また、これにより、本発明の熱交換装置は、燃焼器から放出された第1の熱交換媒体(燃焼排ガス)を、第1の熱交換器における各熱交換要素の内部と第2の熱交換器における各熱交換要素の内部とを一連に流通させ、他方、第2の熱交換媒体(水)は、第2の熱交換器における熱交換要素の外部を流通させた後に、第1の熱交換器における熱交換要素の外部に流通させるようにしている。
各熱交換要素の管状部材の内部には、管状部材の軸線に対して傾斜して配置された衝突板を設けている。
これにより、第1の熱交換媒体の衝突板に対する衝突伝熱により高い熱伝達率を実現することができることから、この熱交換要素を多数設けた各熱交換器において、それぞれ高い熱効率を実現することができる。

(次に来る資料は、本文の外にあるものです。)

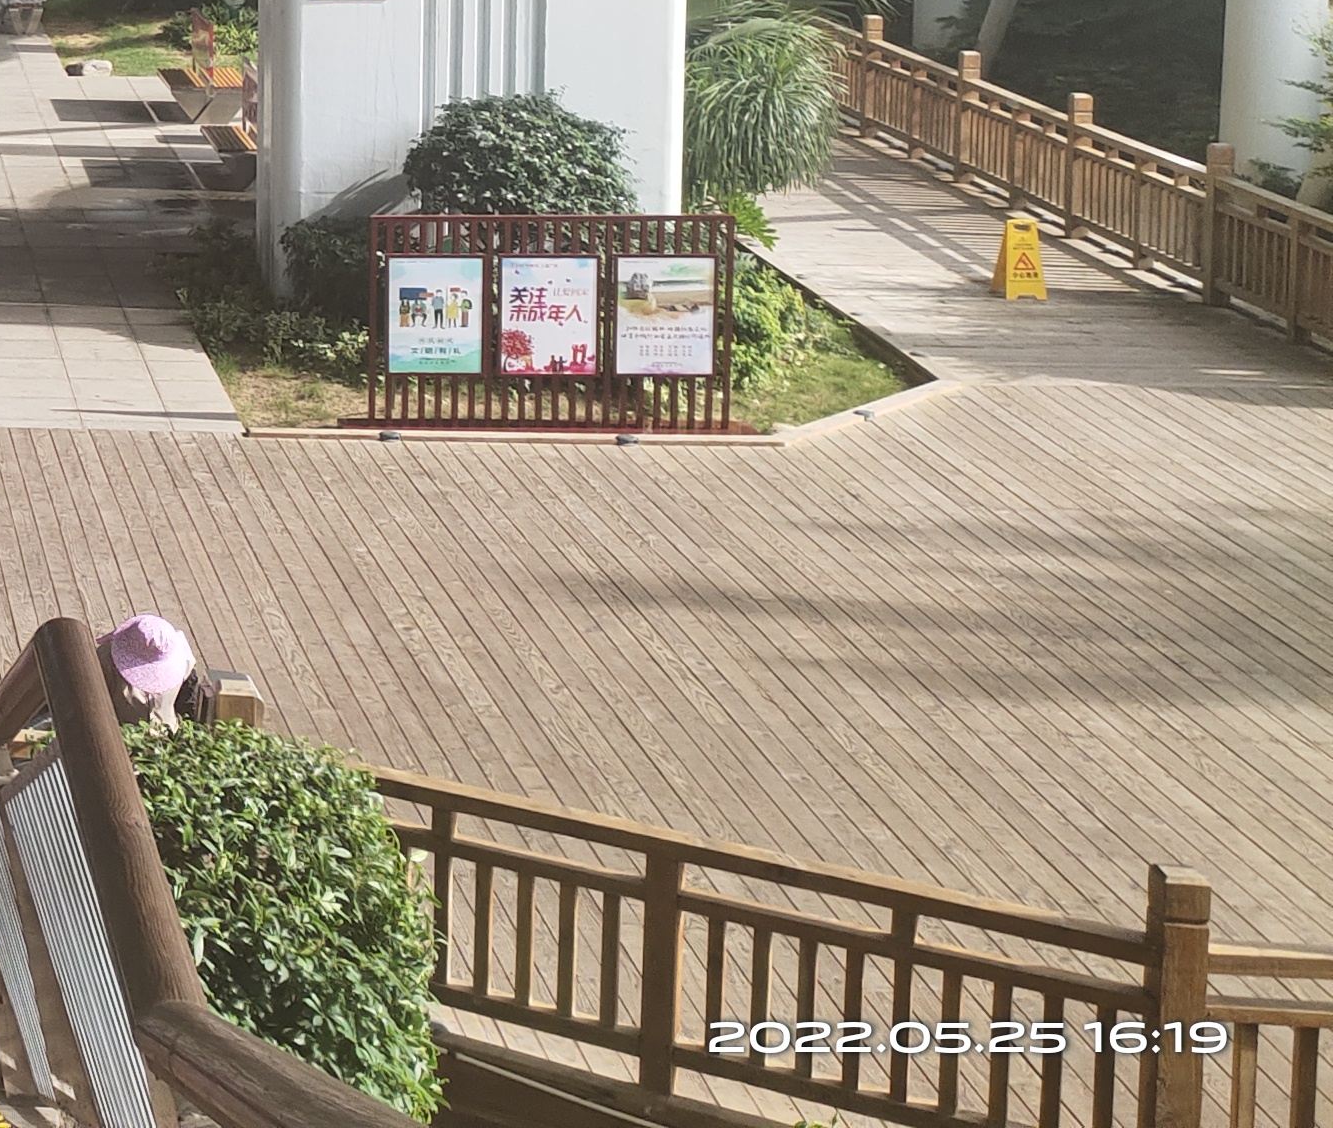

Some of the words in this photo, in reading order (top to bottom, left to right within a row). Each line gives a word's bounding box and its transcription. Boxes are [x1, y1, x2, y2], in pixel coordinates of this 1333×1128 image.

すなわち、第1の熱交換器では、燃焼器における燃焼(酸化)反応により発生した高温の燃焼排ガスの排熱(顕熱)を効率よく回収しながら、第2の熱交換器では、第1の熱交換器を通過した燃焼排ガスの顕熱と燃焼排ガスに含まれる潜熱(水蒸気が凝縮する際の凝縮熱)の両方を効率よく回収することができる。
したがって、本発明の熱交換装置によれば、燃料が燃焼する際に発生する熱量を、高位発熱量(燃料の燃焼熱+水蒸気の凝縮熱の合計熱量)として可能な限り回収でき、結果として、97%という極めて高い熱効率を実現することができる。
なお、熱効率の算出根拠は後述する。
【0008】
また、本発明の熱交換装置は、前記第1の熱交換器と前記第2の熱交換器との間に板状部材を設け、前記板状部材には、前記熱交換要素の設置位置に対応する部分に開口を施すと共に、前記開口を壁状に囲む堰部を設けたことを特徴としている。
すなわち、第2の熱交換器における各熱交換要素(管状部材)において生成される大量の凝縮水を受け止めるための排水受け板を設け、この排水受け板には、第2の熱交換器における熱交換要素の内部と第1の熱交換器における熱交換要素の内部とを第1の熱交換媒体が一連に流通できるように開口を施した。
また、開口の周りに壁状の堰部を設けることで、第2の熱交換器における各熱交換要素の管状部材の内面に結露した凝縮水を下方に漏らすことなく溜めつつ、対流熱や放射熱による蒸発によって凝縮水量を減らすことができる。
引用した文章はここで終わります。